Exercise: Each entry below should be output exactly, apart from its images.

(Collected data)
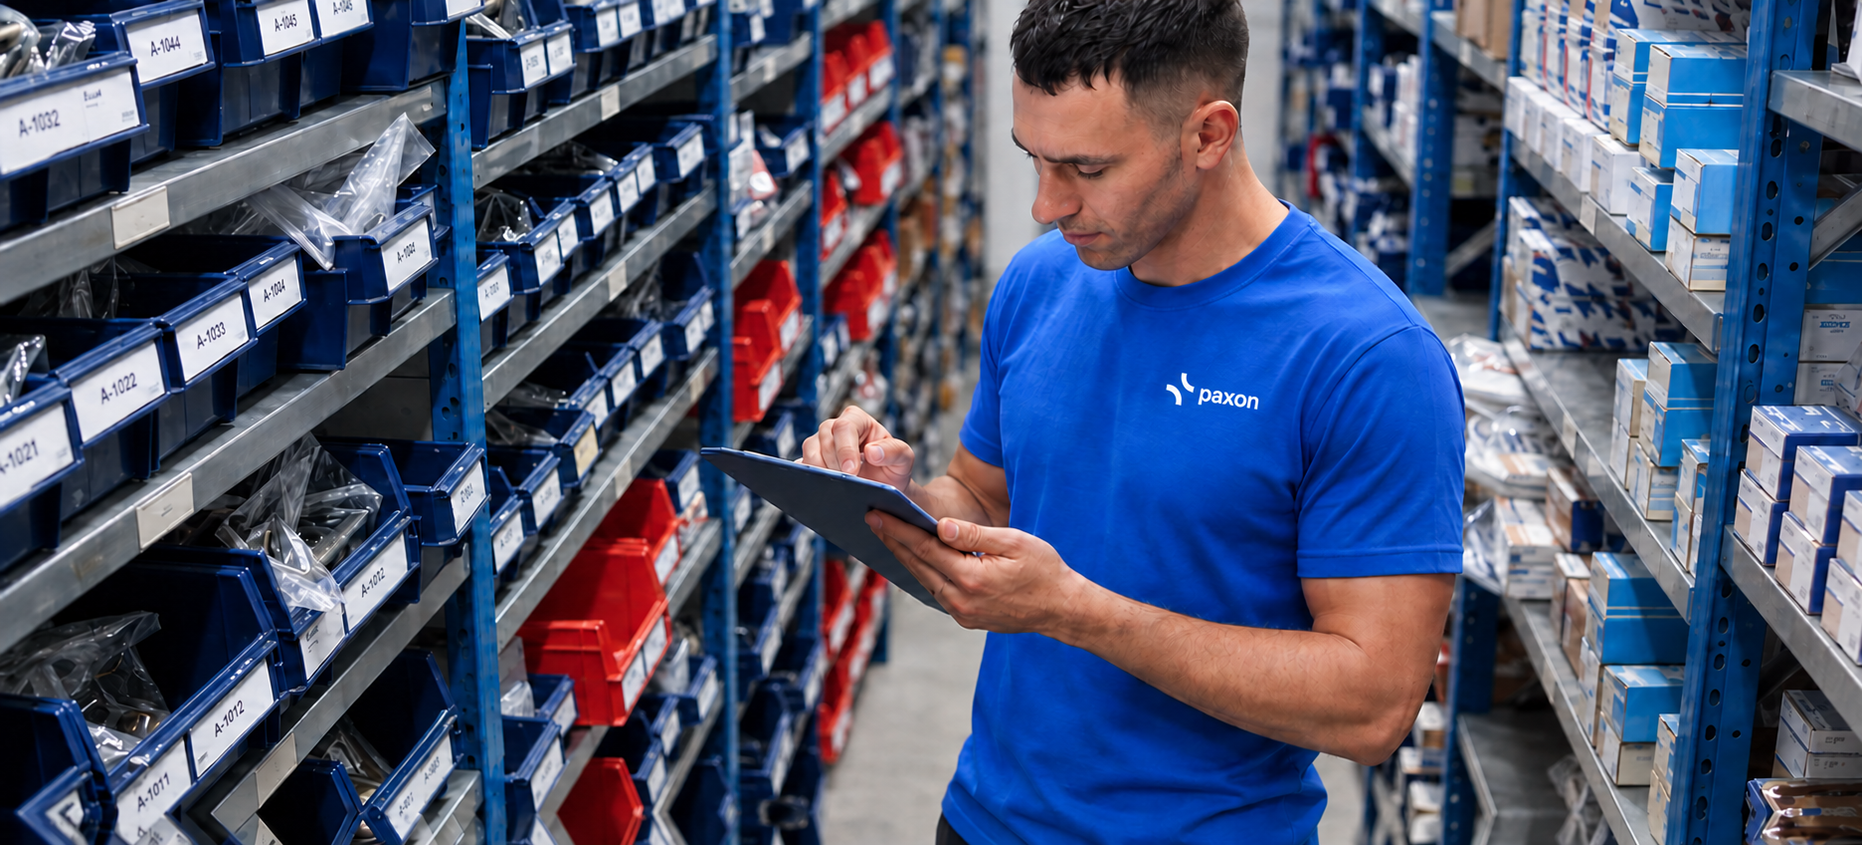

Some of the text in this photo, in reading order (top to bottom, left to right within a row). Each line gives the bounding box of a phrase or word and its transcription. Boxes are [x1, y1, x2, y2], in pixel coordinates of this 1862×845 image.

[274, 14, 298, 32] A-1045
[150, 35, 181, 57] A-1044
[19, 109, 61, 137] A-1032
[197, 321, 227, 350] A-1033
[101, 372, 138, 405] A-1022
[1198, 388, 1260, 410] paxon
[214, 699, 245, 738] A-1012
[137, 772, 170, 812] A-1011
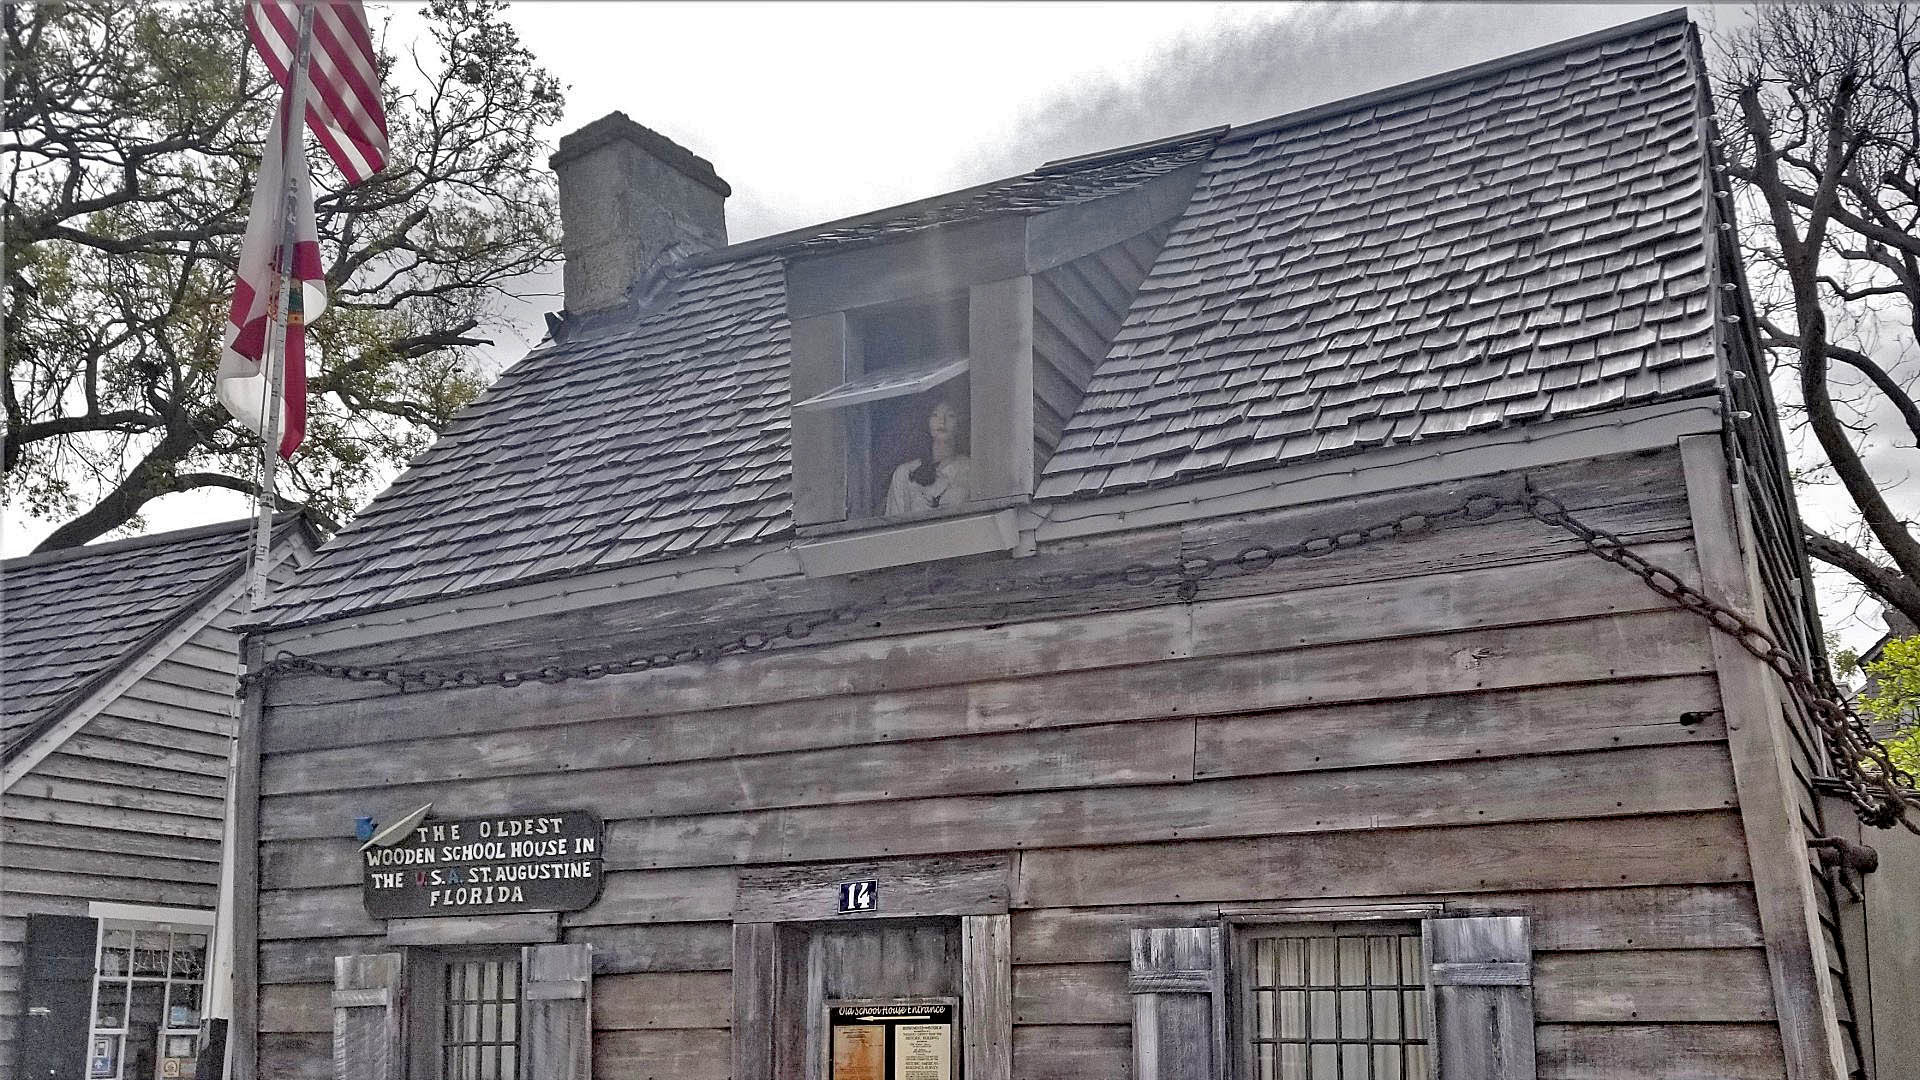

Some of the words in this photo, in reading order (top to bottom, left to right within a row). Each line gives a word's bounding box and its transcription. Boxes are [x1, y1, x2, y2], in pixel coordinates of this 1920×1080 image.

Solution:
Some of the text in this photo, in reading order (top to bottom, left to right within a row). Each line gives the bounding box of a phrase or word and its transcription. Boxes are [x1, y1, x2, y2], in pixel coordinates of this 1862×845 image.

[274, 14, 298, 32] A-1045
[150, 35, 181, 57] A-1044
[19, 109, 61, 137] A-1032
[197, 321, 227, 350] A-1033
[101, 372, 138, 405] A-1022
[1198, 388, 1260, 410] paxon
[214, 699, 245, 738] A-1012
[137, 772, 170, 812] A-1011

Some of the words in this photo, in reading order (top to bottom, left to right within a row). Each line gives a word's bounding box and its transcription. Boxes are [x1, y1, x2, y2], in pixel coordinates of this 1920×1080 image.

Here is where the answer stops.